Today, asset tokenization firm Liquefy said it partnered with a consortium of Gulf families on a tokenization project for $1 billion of real estate assets. In the first phase, the project will securitize an unnamed luxury hotel valued at $600 million in London’s Mayfair district.
The goal of real estate tokenization is to increase the liquidity of real estate properties. It also opens up the market for smaller investors. Meanwhile, blockchain can monitor and permanently store property transactions using smart contracts and cryptography.
We contacted Liquefy, but a spokesperson was unable to comment on the identity of the hotel to be put on its blockchain platform. A spokesperson for The Dorchester confirmed it was not its hotel.
It requires regulatory approval to tokenize the ownership of the hotel, and we understand the owner is currently going through that process.
In response to our question about why not delay the release until you could identify the hotel, the spokesperson explained the announcement was about their technology.
“The regulatory aspect is not up to us. We do not sell or distribute the hotels. It was simply to let the world know that a lot of assets are getting tokenized. We especially have a lot of partnerships with gulf families,” he said. “Investors and asset owners are looking to tokenize their assets.”
Blockchain for real estate
The goal of real estate tokenization is to increase the liquidity of real estate properties. Sales are faster. And depending on how it’s done, it opens up the market for smaller investors to own slices of a property. Meanwhile, blockchain can monitor and permanently store property transactions using smart contracts and cryptography.

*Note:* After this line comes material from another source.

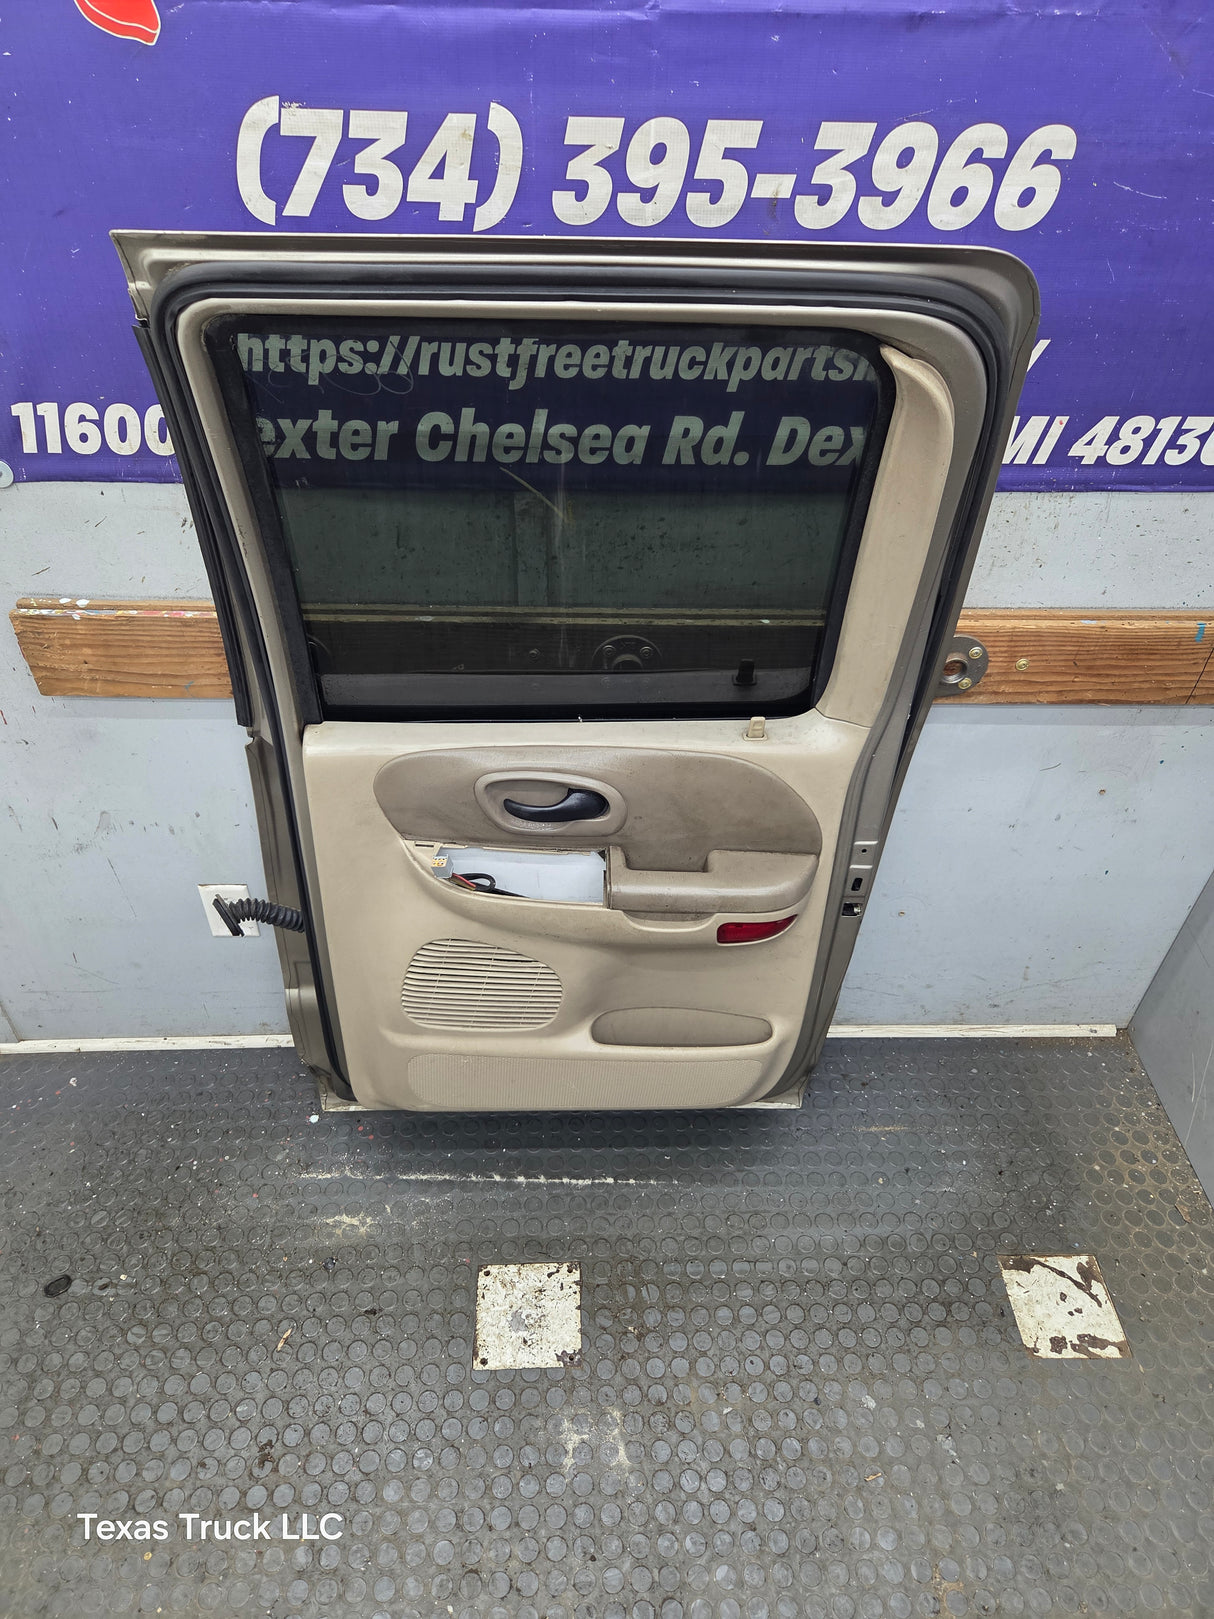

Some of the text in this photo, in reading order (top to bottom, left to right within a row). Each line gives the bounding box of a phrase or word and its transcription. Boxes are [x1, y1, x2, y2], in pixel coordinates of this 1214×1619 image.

Tokenization could have potentially avoided the corruption in the state-owned real estate company Deyaar. The CEO of the company was found guilty of embezzling about DHS 20 million ($54 million). The CEO used his position to bargain private deals with contracting companies. He also gave considerable discounts to some customers, giving them priority over others who were ready with cash to buy units at market value.
Earlier this year, Liquefy partnered with The Private Office of Sheikh Saeed bin Ahmed Al Maktoum and SEED Group to initiate security token projects in the country. In 2011 Forbes stated Maktoum, an investor in UAE enterprise blockchain, had a net worth of about $4.5 billion.
“As blockchain technology progresses we’re seeing accelerating interest in digital securities from the real estate sector. The deal sizes and pipeline has grown exponentially over the past year,” said Adrian Lai, CEO of Liquefy.
“We’re certain that there’s huge potential for technology to enable new business models in the real estate ecosystem that lower operational costs and increase liquidity,” he continued.
Liquefy said it is also working with Hong Kong’s real estate giant Stan Group, which represents the assets of “shop king” Tang Shing-bor.
Additionally, Liquefy’s tokenization platform can be used for other assets such as private company shares, art, collectables, closed-end funds, real estate and other valuable assets.
A few weeks ago, German real estate developer Bauwens said it invested in tokenization firm Fundament Group. This gives Fundament access to Bauwens’ €6.7 billion ($9.46 billion) worth of real estate projects in Germany.
In Korea, SK Securities is working with blockchain firm Kasa Korea for digital asset-backed securities.
Meanwhile, there are other blockchain projects active in Dubai. Last week, Burj Khalifa developer Emaar announced plans to launch a blockchain referral and loyalty token platform later this year.